Bisexuality has been the subject of chatter lately, since the New York Times Magazine ran a cover story on the quest to prove it exists. There was a time when I used to dread this topic. I’m one of those people who, when pressed, identifies as bi, but far more often says I’m gay. And I’m not alone: When surveyed, a majority of LGB people say they’re “B,” but how many self-identified bisexuals do you know? Most Americans have gay or lesbian friends and associates, but many fewer seem to have bisexual ones that they know of, despite their statistical ubiquity among LGB people.

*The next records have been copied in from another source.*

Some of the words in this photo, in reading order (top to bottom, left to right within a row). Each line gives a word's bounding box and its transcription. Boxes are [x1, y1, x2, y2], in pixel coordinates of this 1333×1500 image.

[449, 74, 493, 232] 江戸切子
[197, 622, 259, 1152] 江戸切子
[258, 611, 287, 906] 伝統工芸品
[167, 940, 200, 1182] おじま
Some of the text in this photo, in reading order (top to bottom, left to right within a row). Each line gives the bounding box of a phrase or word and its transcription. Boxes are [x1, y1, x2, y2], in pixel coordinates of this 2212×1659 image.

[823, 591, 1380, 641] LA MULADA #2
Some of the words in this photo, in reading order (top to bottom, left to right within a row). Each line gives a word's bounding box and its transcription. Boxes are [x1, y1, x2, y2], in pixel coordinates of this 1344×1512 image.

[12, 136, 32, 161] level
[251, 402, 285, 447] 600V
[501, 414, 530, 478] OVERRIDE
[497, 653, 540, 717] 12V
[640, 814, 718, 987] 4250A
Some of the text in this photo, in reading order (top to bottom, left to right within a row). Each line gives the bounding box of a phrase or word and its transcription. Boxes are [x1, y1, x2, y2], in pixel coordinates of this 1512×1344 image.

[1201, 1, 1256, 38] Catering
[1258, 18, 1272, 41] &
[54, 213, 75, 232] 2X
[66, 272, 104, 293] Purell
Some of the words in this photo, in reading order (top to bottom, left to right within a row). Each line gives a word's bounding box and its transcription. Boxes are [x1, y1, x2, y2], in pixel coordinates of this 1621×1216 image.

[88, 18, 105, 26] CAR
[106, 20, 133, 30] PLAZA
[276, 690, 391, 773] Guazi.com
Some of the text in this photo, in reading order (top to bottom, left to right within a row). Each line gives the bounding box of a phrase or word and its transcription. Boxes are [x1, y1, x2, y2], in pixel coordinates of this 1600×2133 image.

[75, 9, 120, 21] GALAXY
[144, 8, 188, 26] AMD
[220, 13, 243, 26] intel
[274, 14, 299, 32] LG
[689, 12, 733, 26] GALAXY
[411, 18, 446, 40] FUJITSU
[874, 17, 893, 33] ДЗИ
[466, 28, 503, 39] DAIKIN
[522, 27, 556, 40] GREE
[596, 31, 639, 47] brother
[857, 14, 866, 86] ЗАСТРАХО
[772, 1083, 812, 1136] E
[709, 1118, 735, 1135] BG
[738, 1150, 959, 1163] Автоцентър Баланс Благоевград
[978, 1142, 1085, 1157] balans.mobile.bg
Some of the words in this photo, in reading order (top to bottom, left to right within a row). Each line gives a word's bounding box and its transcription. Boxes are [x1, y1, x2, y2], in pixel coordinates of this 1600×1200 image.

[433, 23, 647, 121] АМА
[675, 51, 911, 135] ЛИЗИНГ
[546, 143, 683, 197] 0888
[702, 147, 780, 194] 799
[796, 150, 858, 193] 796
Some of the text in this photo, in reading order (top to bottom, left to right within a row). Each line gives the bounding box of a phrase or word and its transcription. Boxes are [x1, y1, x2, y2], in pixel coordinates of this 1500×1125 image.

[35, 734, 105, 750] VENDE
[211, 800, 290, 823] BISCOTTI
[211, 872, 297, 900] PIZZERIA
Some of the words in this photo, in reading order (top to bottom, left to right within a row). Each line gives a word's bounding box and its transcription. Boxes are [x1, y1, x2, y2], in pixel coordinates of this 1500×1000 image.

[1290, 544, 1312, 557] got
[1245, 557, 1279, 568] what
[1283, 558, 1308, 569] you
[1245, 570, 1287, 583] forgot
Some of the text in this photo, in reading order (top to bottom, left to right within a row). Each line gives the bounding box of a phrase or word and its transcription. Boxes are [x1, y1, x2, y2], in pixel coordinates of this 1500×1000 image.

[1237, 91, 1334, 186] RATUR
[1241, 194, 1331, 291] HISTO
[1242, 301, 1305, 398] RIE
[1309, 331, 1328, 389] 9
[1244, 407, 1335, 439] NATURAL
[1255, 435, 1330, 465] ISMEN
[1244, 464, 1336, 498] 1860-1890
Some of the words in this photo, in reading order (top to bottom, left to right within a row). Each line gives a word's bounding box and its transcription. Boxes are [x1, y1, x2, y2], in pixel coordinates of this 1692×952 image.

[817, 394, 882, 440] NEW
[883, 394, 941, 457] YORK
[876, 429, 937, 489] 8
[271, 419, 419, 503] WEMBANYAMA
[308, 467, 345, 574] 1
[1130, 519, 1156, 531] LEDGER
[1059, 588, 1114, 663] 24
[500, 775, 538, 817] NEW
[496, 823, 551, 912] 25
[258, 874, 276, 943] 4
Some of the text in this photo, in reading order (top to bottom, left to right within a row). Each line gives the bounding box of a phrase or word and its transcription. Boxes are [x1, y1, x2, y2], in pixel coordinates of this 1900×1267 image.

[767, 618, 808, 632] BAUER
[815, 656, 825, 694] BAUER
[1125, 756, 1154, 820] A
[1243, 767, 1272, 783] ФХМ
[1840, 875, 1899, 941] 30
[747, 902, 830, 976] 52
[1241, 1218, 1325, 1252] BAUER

Why don’t bisexuals like me come out more? Part of it is laziness. But you don’t find many gay or straight people identifying as something other than who they really are just because they’re lazy. Part of it is stigma. As discussed in (and, some say, perpetuated by) the Times Magazine piece, bisexuals get little respect, not only from the world at large, but specifically from gays and lesbians, some of whom have long insisted they don’t exist. There is a widespread belief that those who identify as bi are either in a transitional stage or are lying (to themselves or others)—trying to savor the status of straightitude while enjoying the pleasures of gaydom. And this suspicion of the enduring reality of bisexuality contributes to “bisexual erasure,” which the Times piece defines as “the idea that bisexuality is systematically minimized and dismissed.”

But stigma doesn’t really explain it either. The brighter line than gay vs. bi is the divide between straight and not, and the ability of so many gay and lesbian people to come out makes it hard to attribute the bi closet, at this point in history, to stigma alone.

There’s something about bisexuality that seems to lend itself to erasure, and not just by an oppressor class but by bisexuals themselves. I think some of the reason is contained in the bright-line distinction mentioned above: Our culture is so infused with assumptions of heterosexuality that crossing that line—between heterosexuality and everything else—becomes a far more meaningful act for many LGB people than where, exactly, we land on the other side.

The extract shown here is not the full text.